Three small children, aged six, four and two, are playing in the kitchen on a Saturday night when all of a sudden, smoke starts to fill the room.
They probably don’t start to worry until they notice the flames, and how quickly they’re spreading.
They’re scared, and they might be in trouble, and all they want is to get away. The fire doesn’t seem like something they will be able to stop, and in that moment, they just want to be somewhere where they can’t see it anymore.
So in a panic, they run to their mother’s room. They hide under a blanket, terrified, hoping that because they can’t see the fire, it can’t see them. Maybe if they just ignore it, it will go away.
The six-year-old, who has heard grown ups talk about what to do if there’s a fire, decides to run. He gets out of the apartment, and on the way down, tells a man that his brother and sister are still inside.
But they’ll never get out.
They’ll stay hidden, under a blanket, until it’s too late.
This story, as sickening as it is to anyone who is a parent or has had the responsibility of caring for young children, happened last weekend. The Chicago Tribune reports that the children were playing with the stove when the fire started, and the mother says she was out of the apartment, doing laundry.
Firefighter Kieran Shield talks about all the products in your home that can cause a fire. Post continues after audio.
While police have charged the 33-year-old mother with two counts of neglect of a dependent resulting in death, the story points to a phenomenon we can’t ignore: children often hide when there is a fire.
In physiology and psychology, many researchers point out that in addition to the fight or flight response, there’s also the tendency to freeze or hide. When an individual faces a threat, and they’re too young or physically weak to fight or escape, they freeze. A young child in a house fire doesn’t have the strength to fight or the knowledge to flee, so they hide from the threat. Sometimes under a blanket, under a bed, wrapped in curtains, underneath piles of laundry, or in wardrobes.
With an understanding of this phenomenon, firefighters are trained to look in inconspicuous places when there’s a fire.

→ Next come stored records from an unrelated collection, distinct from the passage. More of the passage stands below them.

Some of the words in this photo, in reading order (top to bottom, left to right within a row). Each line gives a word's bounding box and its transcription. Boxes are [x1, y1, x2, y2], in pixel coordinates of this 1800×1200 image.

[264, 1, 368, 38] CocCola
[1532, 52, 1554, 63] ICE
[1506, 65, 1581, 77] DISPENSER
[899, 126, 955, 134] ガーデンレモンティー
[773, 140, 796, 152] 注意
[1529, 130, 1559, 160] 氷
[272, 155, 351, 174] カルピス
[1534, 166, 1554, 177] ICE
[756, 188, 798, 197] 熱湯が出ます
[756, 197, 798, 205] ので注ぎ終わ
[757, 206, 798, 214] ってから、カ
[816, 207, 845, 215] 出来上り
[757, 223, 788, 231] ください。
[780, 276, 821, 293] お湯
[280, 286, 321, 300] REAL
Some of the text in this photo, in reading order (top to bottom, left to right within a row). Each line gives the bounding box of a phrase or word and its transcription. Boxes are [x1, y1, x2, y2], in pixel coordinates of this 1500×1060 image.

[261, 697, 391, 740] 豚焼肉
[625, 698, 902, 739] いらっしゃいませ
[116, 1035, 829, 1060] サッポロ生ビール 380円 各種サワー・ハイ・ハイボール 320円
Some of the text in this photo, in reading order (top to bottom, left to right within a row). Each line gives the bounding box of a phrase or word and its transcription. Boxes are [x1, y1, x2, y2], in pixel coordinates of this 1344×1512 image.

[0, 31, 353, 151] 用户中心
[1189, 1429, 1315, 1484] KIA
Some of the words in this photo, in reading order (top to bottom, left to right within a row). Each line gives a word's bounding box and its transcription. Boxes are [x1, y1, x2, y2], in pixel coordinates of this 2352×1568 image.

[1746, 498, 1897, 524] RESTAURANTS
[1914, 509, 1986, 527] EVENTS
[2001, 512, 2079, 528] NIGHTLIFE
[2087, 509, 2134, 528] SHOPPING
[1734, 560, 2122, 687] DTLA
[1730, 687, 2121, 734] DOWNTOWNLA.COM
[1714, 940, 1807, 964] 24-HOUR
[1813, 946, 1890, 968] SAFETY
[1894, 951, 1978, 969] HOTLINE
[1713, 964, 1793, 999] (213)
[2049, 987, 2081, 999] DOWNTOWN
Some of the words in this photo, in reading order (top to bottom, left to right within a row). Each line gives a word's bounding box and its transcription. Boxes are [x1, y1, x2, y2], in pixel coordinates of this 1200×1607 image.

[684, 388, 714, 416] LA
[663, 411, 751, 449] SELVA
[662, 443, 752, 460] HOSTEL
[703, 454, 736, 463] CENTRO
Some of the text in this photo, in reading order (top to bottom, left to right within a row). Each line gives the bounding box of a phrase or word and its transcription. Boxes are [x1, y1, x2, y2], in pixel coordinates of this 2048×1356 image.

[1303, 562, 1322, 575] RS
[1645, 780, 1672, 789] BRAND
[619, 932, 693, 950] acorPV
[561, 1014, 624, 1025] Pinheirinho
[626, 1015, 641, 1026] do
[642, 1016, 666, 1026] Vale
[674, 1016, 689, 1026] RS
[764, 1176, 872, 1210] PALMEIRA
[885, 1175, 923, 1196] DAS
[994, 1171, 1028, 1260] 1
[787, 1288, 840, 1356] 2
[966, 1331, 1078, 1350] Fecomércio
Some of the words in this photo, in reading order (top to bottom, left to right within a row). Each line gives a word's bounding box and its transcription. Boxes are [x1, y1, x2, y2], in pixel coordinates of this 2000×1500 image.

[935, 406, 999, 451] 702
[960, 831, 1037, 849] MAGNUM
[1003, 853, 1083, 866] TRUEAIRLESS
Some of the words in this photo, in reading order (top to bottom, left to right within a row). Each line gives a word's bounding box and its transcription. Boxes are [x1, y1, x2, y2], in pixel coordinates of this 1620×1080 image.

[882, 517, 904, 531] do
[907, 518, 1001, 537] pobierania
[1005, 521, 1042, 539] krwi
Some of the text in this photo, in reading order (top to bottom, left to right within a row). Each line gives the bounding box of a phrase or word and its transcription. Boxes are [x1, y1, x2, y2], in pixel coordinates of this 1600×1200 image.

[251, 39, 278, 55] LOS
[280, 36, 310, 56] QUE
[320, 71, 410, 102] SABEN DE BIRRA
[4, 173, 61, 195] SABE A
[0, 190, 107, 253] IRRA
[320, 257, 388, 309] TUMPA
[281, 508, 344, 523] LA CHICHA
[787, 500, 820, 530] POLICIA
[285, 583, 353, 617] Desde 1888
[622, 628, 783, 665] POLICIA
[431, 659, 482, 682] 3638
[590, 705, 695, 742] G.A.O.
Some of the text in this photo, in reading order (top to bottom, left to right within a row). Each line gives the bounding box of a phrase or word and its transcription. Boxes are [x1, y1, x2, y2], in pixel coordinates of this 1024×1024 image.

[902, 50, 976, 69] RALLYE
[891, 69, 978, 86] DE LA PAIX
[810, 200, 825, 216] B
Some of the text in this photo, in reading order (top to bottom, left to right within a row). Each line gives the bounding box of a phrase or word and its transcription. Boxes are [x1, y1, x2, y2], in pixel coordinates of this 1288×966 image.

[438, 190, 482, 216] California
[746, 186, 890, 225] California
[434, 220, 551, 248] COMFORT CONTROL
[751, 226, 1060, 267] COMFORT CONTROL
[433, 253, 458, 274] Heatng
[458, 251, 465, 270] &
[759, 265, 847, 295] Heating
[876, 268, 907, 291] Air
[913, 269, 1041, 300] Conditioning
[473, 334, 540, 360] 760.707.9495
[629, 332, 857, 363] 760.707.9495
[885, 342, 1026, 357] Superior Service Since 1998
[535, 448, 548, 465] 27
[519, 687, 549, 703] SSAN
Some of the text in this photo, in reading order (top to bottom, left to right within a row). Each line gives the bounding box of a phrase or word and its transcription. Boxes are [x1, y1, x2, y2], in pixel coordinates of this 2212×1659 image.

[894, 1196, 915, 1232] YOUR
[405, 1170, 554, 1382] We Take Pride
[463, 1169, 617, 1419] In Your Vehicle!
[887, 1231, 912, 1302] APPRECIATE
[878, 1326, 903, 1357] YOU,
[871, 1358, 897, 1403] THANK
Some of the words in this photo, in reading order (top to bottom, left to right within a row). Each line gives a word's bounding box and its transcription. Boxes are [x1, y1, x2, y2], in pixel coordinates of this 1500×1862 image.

“We definitely train our firefighters to do a thorough search in bedrooms, especially when there’s kids involved. They’ll hide in cupboards, they’ll hide anywhere,” says Leading Firefighter Kristen Ross from City of Sydney Fire Station.
“Kids can become easily disorientated if there’s no escape plan, and they sort of run around, they look for their parents, then it gets too hot, and they’re like, well, I’m just going to hide.”